### Material provided
↓↓↓
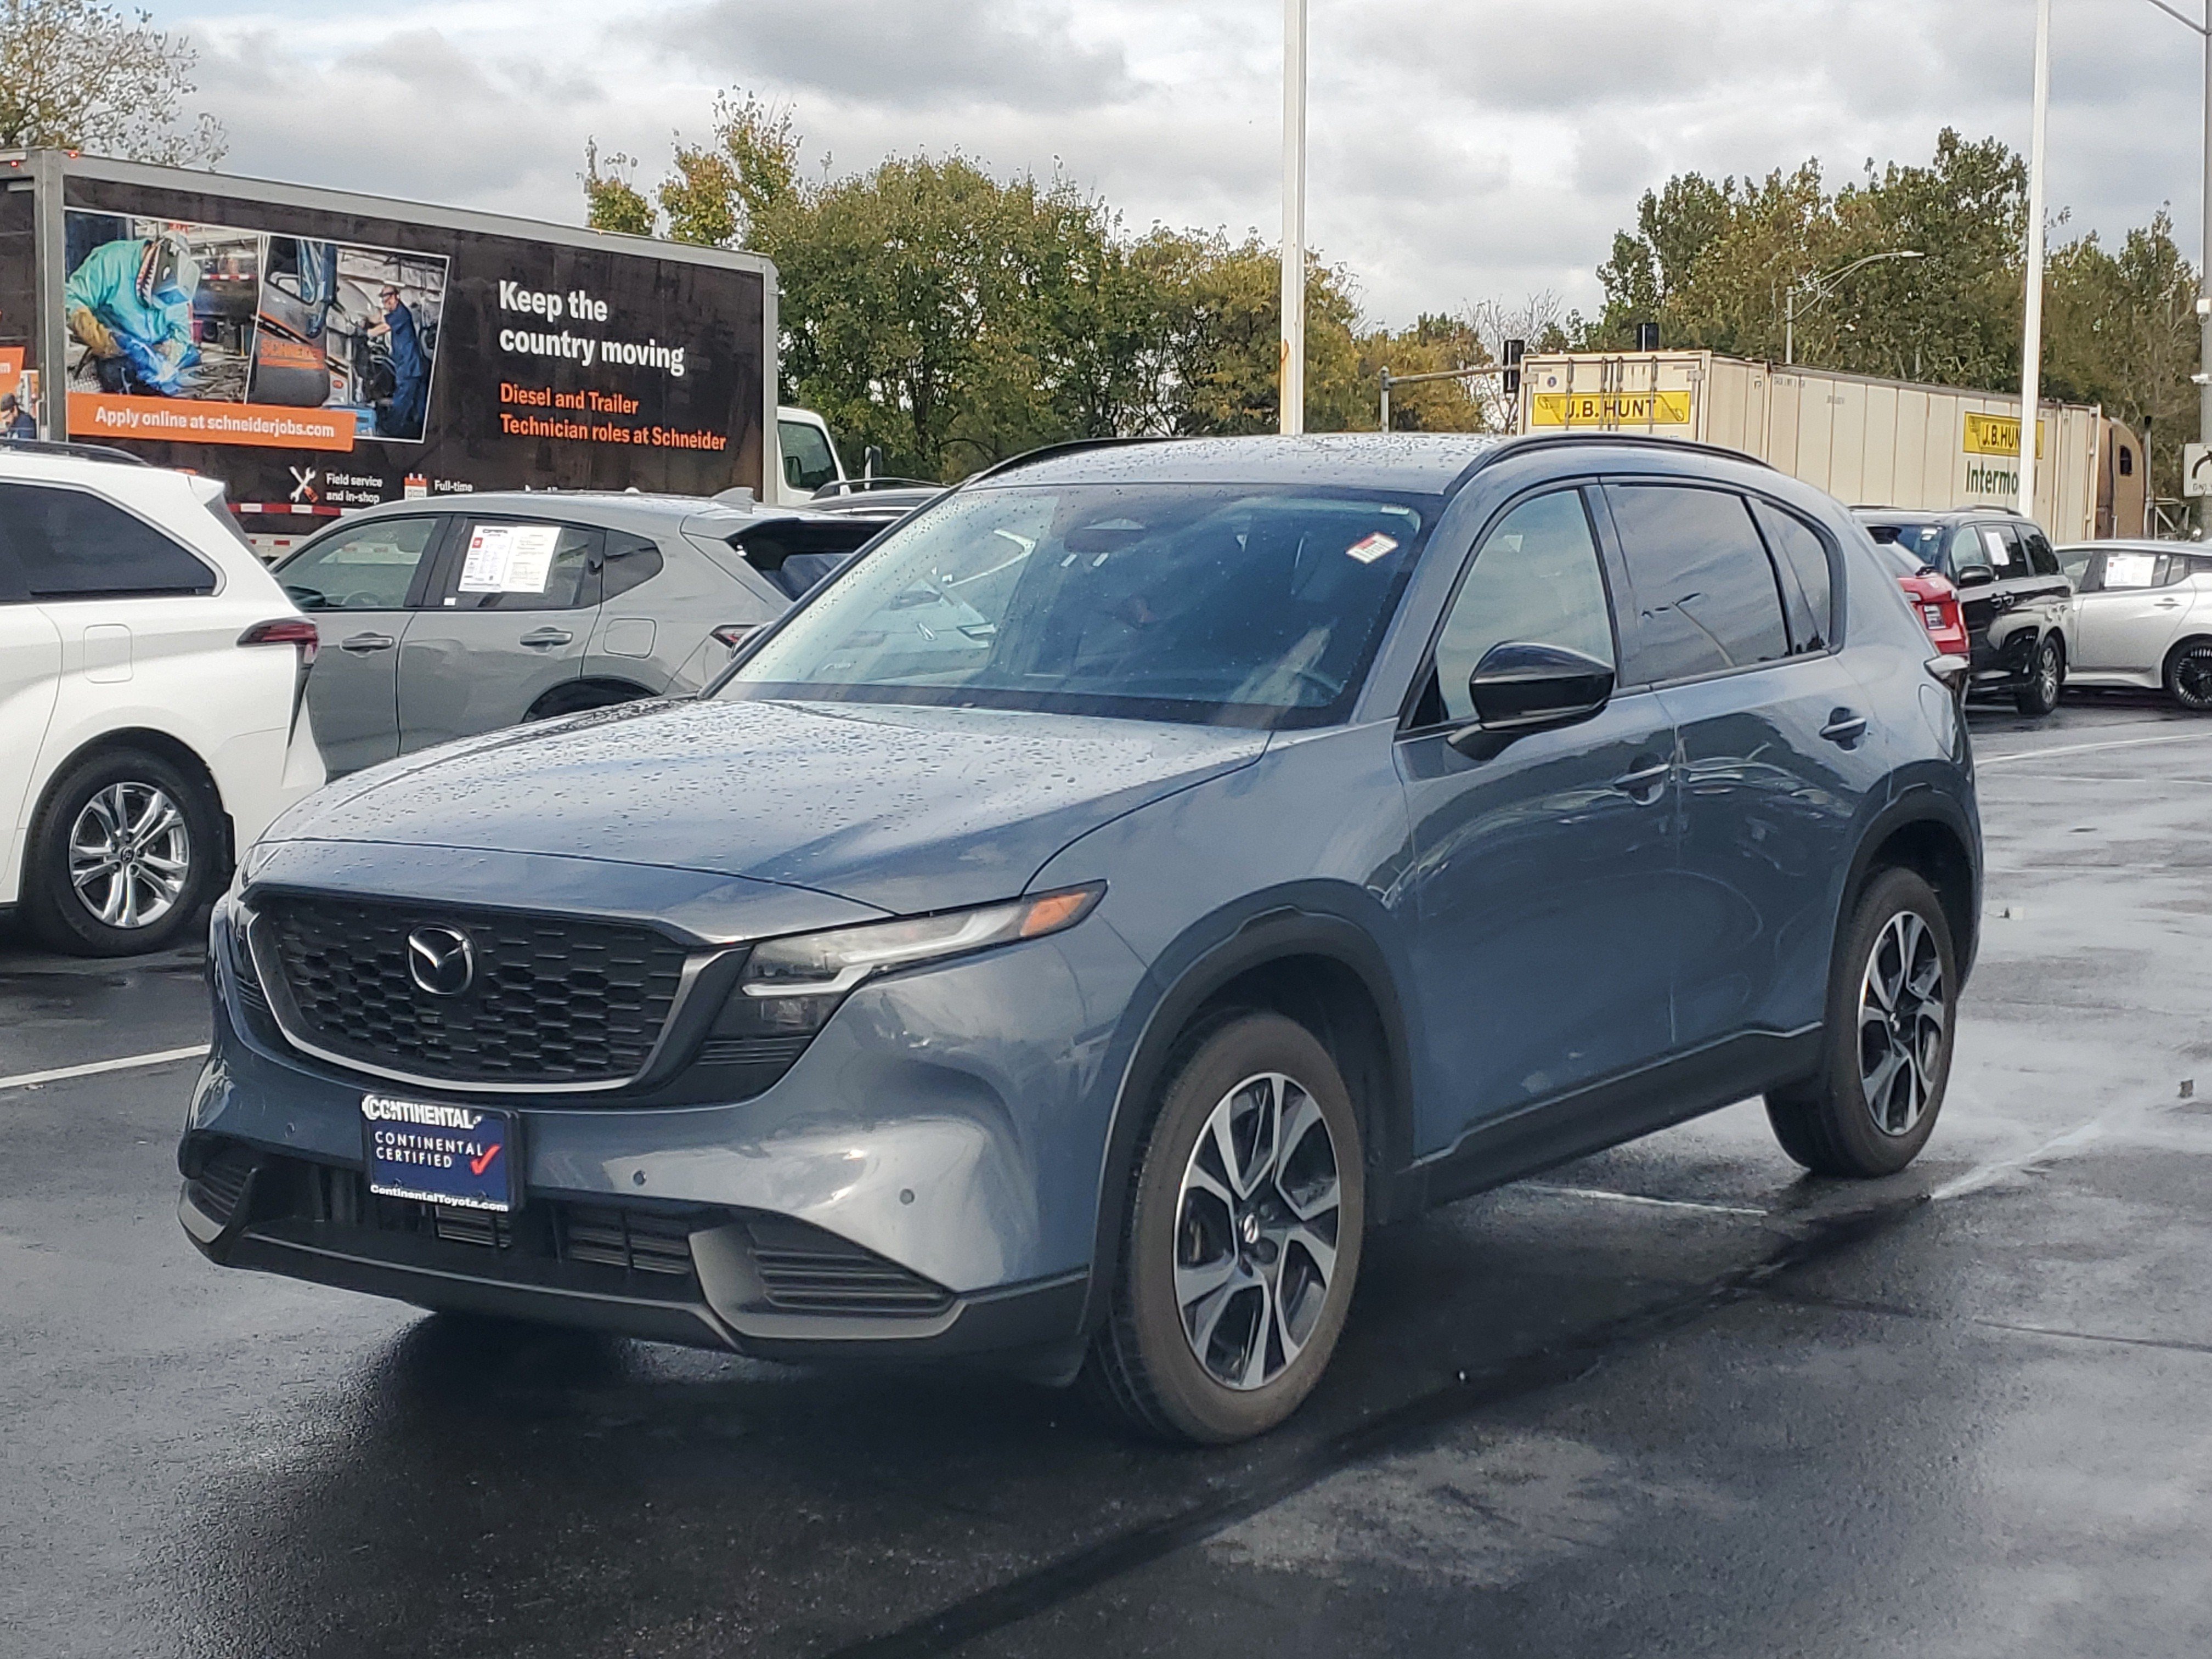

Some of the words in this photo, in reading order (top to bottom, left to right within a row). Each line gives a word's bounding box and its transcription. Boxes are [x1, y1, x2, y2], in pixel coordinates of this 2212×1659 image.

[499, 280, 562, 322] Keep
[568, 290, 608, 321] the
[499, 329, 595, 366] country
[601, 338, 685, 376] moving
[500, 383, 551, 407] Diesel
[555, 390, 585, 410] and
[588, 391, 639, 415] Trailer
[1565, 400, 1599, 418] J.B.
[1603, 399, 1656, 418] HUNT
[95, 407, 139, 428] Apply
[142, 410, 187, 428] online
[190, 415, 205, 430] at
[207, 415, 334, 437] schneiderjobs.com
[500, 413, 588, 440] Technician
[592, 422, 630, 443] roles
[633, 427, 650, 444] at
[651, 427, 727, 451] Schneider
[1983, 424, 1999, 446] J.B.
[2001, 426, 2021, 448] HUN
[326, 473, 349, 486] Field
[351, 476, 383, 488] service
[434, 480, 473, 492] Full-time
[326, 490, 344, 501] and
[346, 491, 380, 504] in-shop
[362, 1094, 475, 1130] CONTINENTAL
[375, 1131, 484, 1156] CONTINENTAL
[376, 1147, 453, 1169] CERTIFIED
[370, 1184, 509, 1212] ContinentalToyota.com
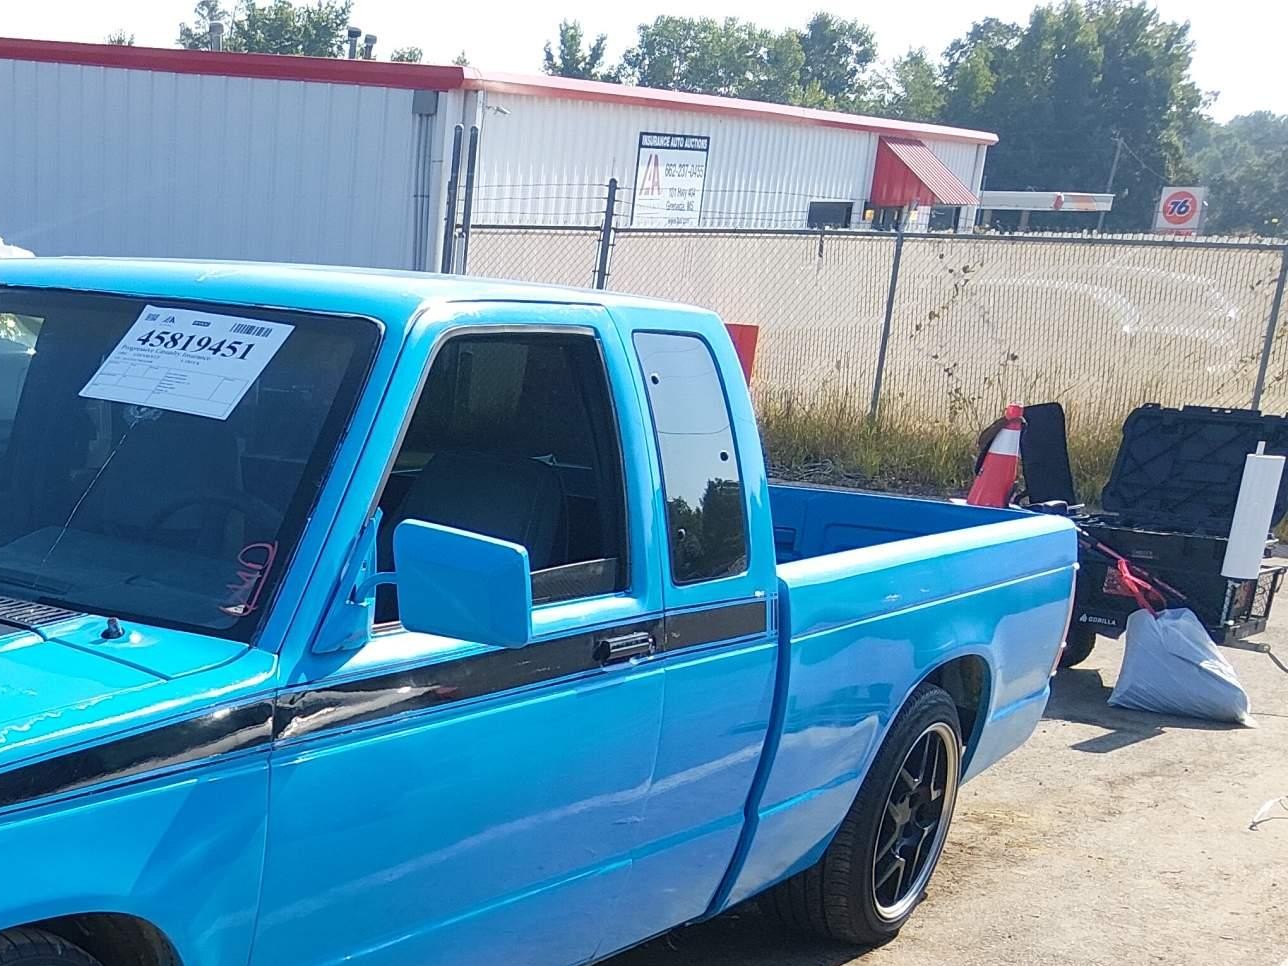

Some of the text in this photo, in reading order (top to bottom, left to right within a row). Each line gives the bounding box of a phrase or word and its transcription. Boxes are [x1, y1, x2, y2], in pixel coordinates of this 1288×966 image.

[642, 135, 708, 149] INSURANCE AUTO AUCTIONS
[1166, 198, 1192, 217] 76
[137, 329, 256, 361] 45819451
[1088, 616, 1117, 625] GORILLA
↑↑↑
### Problem to work on
Give back every record above word for word; the pictures have no place in it.

### Completed exercise
Some of the words in this photo, in reading order (top to bottom, left to right within a row). Each line gives a word's bounding box and its transcription. Boxes are [x1, y1, x2, y2], in pixel coordinates of this 2212×1659 image.

[499, 280, 562, 322] Keep
[568, 290, 608, 321] the
[499, 329, 595, 366] country
[601, 338, 685, 376] moving
[500, 383, 551, 407] Diesel
[555, 390, 585, 410] and
[588, 391, 639, 415] Trailer
[1565, 400, 1599, 418] J.B.
[1603, 399, 1656, 418] HUNT
[95, 407, 139, 428] Apply
[142, 410, 187, 428] online
[190, 415, 205, 430] at
[207, 415, 334, 437] schneiderjobs.com
[500, 413, 588, 440] Technician
[592, 422, 630, 443] roles
[633, 427, 650, 444] at
[651, 427, 727, 451] Schneider
[1983, 424, 1999, 446] J.B.
[2001, 426, 2021, 448] HUN
[326, 473, 349, 486] Field
[351, 476, 383, 488] service
[434, 480, 473, 492] Full-time
[326, 490, 344, 501] and
[346, 491, 380, 504] in-shop
[362, 1094, 475, 1130] CONTINENTAL
[375, 1131, 484, 1156] CONTINENTAL
[376, 1147, 453, 1169] CERTIFIED
[370, 1184, 509, 1212] ContinentalToyota.com

Some of the text in this photo, in reading order (top to bottom, left to right within a row). Each line gives the bounding box of a phrase or word and its transcription. Boxes are [x1, y1, x2, y2], in pixel coordinates of this 1288×966 image.

[642, 135, 708, 149] INSURANCE AUTO AUCTIONS
[1166, 198, 1192, 217] 76
[137, 329, 256, 361] 45819451
[1088, 616, 1117, 625] GORILLA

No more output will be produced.